Working class politics is most frequently expressed in the organizing efforts of labor unions. U. S. unions have historically been divided over racism. Some have perpetuated racism and discrimination and social inequality and others fight against racism. Left organizations have a similar history. Overcoming the divisions of race is central to our struggle in building a progressive working class majority. Are we going to support racism, and divisions, or are we going to build a unified social movement to change this society?
At present the working class all over the world is losing ground. If you are interested in doing something enduringly effective about this -- working to reverse this trend and moving forward -- then please join us.

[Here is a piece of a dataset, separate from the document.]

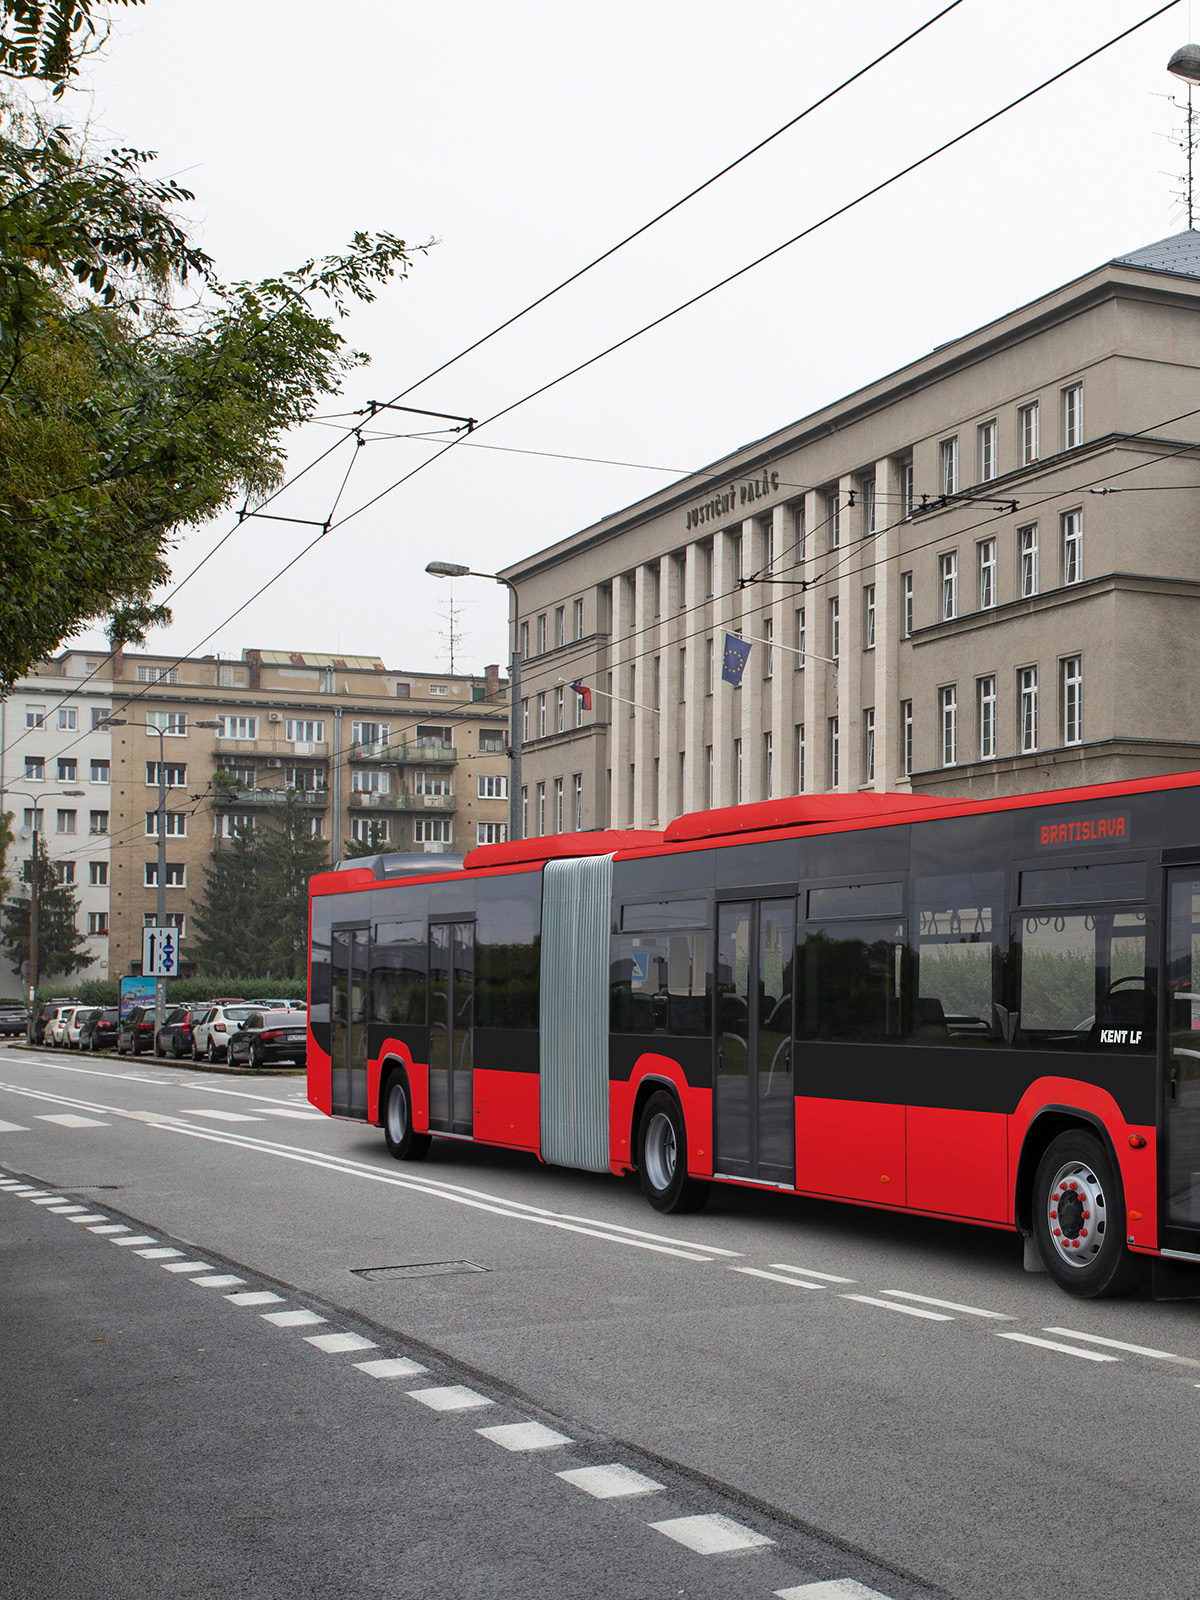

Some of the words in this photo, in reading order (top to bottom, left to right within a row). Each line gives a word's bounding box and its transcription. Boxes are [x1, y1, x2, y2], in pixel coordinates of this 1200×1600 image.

Our experience tells us that many in the working class are ready for an alternative. They are looking for something beyond the choice between Republicans and Democrats. We believe that that alternative is socialism and a socialist analysis. African Americans, Latino, Native Americans, Asians, and Anglos in the working class are ready for socialism because they think it is wrong for some people to live in mansions while others live in public housing that looks like a war zone. We think it is wrong for some people to live in luxury while others cannot adequately feed their children. We do not accept a social order in which one in five children live in poverty and the U.S. has one of the highest infant death rates in the modern world. We do not accept a social order in which one group has quality schools in safe neighborhoods, and the working poor have inadequate and unsafe schools. We do not accept a world economic system where over 1 billion are without safe water, and 149 million children are malnourished.
Only a vigorously committed multi racial movement with multi racial leadership -- and the vision of full socio-economic equality -- can organize the necessary power and carry it through to the full development of the genuinely democratic, egalitarian society. That is the kind of movement that will be strong, enduring, vital -- and successful. We invite you to join us.
Chief Oren Lyons [Onondaga] presenting the statement of the Grand Council of
the Iroquois to the United States Government, 1973:
"We have not asked you to give up your religions for ours. We have not
asked you to give up your ways of life for ours. We have not asked you to
give up your government for ours. We have not asked you to give up your
territories. Why can you not accord us with the same respect? For your
children learn from watching their elders, and if you want your children to
do what is right, then it is up to you to set the example. That is all we
have to say at this moment. Oneh."
A working paper of the Anti Racism Commission of Democratic Socialists of America.